The Trick is to Actually Watch TV: The 2010 Emmy Nominations

July 8th, 2010

The Emmy nominations (which you can find in full here) are less a sign of what’s truly great on television and a more a sign of what the Emmy voters have actually been watching.

Series and performers are nominated for Emmys for one of two reasons: either the Academy members watched episodes carefully and saw them deserving of an award, or they looked at their ballots and chose a familiar name, a much buzzed-about series, or the first name on the ballot. And, frankly, most years the latter seemed to be their modus operandi, to the point where I’ve started to disassociate voters with any notion of television viewership – I’m not even convinced most of them own televisions.

However, for once, I’d say that the 2010 Emmy nominations seem to have been made by people who actually enjoy the medium, with plenty of evidence to demonstrate that voters actually watched many of the shows they nominated and discovered not only the most hyped elements of that series but also those elements which are truly deserving of Emmys attention. There are still plenty of examples where it’s clear that Emmy voters didn’t truly bother to watch the series in question, and all sorts of evidence which indicates that the Emmy voters suffer from a dangerously selective memory and a refusal to let go of pay cable dramedies, but the fact remains that this is the most hopeful Emmy year in recent memory.

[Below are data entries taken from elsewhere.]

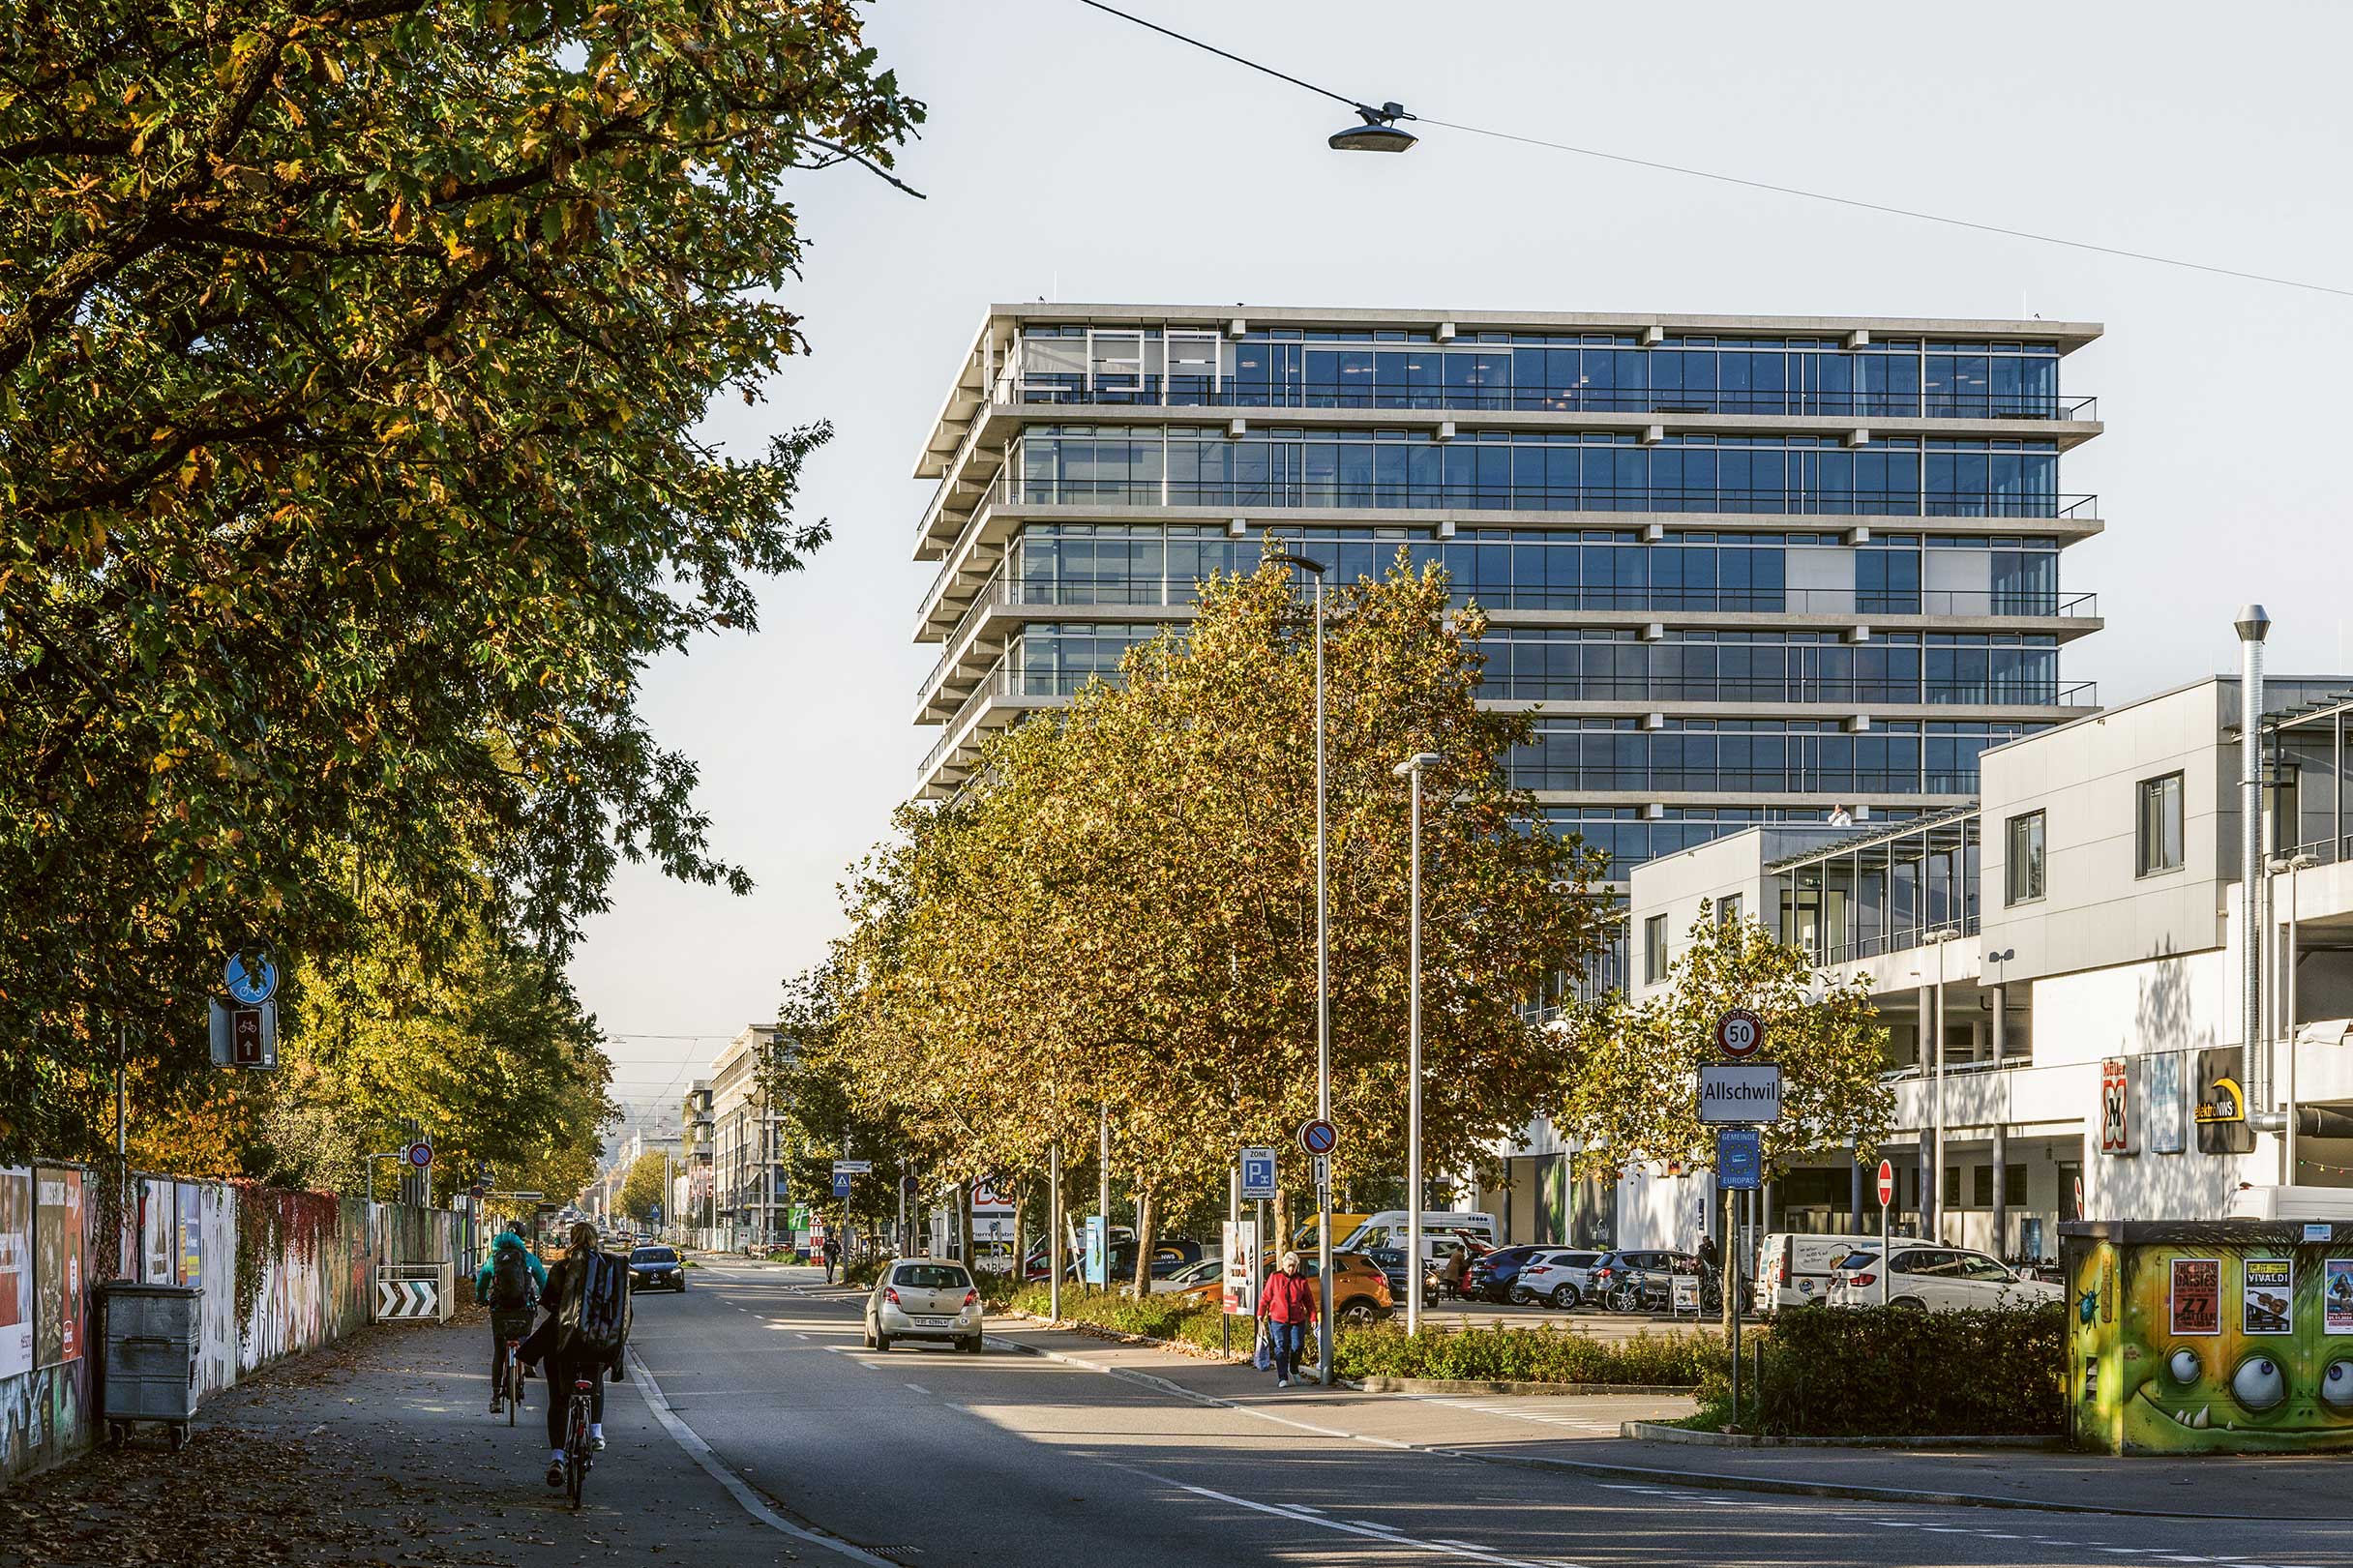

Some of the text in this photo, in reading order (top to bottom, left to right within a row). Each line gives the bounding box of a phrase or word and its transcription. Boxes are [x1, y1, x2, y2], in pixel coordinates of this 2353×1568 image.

[1722, 1011, 1757, 1026] GENERELL
[1729, 1025, 1749, 1043] 50
[2102, 1061, 2126, 1077] Müller
[1705, 1081, 1775, 1100] Allschwil
[2108, 1097, 2121, 1127] M
[2194, 1101, 2233, 1118] elektroNWS
[1721, 1133, 1756, 1141] GEMEINDE
[1249, 1163, 1262, 1183] P
[1722, 1176, 1755, 1185] EUROPAS
[2175, 1275, 2217, 1287] DAISIES
[2249, 1274, 2288, 1283] VIVALDI
[2182, 1298, 2208, 1313] Z7

It isn’t that every nominee is perfect, but rather that there is evidence of Academy voters sitting down in front of their television and watching more than a single episode of the shows in question, making them less like soulless arbiters of quality and more like actual television viewers – it might not stick, but for a few moments it’s nice to finally see some nominees that indicate voters aren’t so much different from us after all.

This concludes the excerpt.